A UK lecturer who claimed that she was axed for having a loud voice has been awarded more than £100,000 after winning a claim for unfair dismissal.

Dr Annette Plaut, 60, who was teaching at the University of Exeter’s physics department for 30 years, claimed that a combination of her being female and loud led to her dismissal from the university, according to BBC.

The tribunal, held in Exeter, was told that the lecturer was “inherently loud”, “naturally argumentative” in conversation, and spoke with vigorous hand gestures, and that she was so passionate about physics that she would get overexcited.

It was said that some of her co-workers didn’t like her “overbearing”, “boisterous” and a “Marmite” character, despite students having no qualms about her teaching style.

The physicist was suspended and then sacked following a disciplinary hearing in December 2019, after she was said to be shouting at PhD students and causing them stress and anxiety.
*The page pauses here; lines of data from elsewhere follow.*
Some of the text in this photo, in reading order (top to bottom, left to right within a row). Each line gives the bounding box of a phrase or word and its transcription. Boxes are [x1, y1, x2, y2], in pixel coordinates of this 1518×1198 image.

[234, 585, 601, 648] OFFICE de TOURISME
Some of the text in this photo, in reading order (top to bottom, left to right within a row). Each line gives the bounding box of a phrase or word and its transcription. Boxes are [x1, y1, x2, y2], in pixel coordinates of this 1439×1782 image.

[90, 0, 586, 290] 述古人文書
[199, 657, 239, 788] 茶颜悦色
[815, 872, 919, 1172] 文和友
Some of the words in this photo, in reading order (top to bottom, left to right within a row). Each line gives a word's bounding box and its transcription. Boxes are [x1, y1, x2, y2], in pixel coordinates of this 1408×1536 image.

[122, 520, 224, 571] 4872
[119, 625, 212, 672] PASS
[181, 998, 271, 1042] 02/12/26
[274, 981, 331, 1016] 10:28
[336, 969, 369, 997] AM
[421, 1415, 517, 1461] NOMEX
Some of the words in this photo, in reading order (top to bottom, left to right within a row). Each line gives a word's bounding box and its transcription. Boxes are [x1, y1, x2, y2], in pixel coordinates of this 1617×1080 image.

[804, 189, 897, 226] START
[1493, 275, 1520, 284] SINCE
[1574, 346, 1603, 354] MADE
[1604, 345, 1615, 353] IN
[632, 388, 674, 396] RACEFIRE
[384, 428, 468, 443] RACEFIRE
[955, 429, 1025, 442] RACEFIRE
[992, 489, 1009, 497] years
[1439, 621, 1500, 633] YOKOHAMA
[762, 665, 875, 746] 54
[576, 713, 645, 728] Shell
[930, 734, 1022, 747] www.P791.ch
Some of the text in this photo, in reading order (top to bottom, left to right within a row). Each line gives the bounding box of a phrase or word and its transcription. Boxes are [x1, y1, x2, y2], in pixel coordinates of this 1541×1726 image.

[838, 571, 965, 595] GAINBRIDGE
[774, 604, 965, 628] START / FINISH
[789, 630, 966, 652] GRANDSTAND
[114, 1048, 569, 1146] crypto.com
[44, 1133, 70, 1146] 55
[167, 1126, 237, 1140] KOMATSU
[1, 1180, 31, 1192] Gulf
However, Plaut told the tribunal that her eastern European Jewish heritage and upbringing influenced her “stereotypical loudness and demonstrative and argumentative style of” teaching.

The tribunal ruled she was unfairly dismissed and awarded Dr Plaut just under £101,000.

It dismissed claims of race and sex discrimination apart from one harassment claim.

Dr Plaut told the tribunal that she wanted to be reinstated after being consistently treated unfairly by the university over decades and targeted for dismissal.

The university said the dismissal had nothing to do with her being female or Jewish.

“We continue to believe there are serious inaccuracies in these judgements and we are appealing the decision of the employment appeals tribunal,” it said.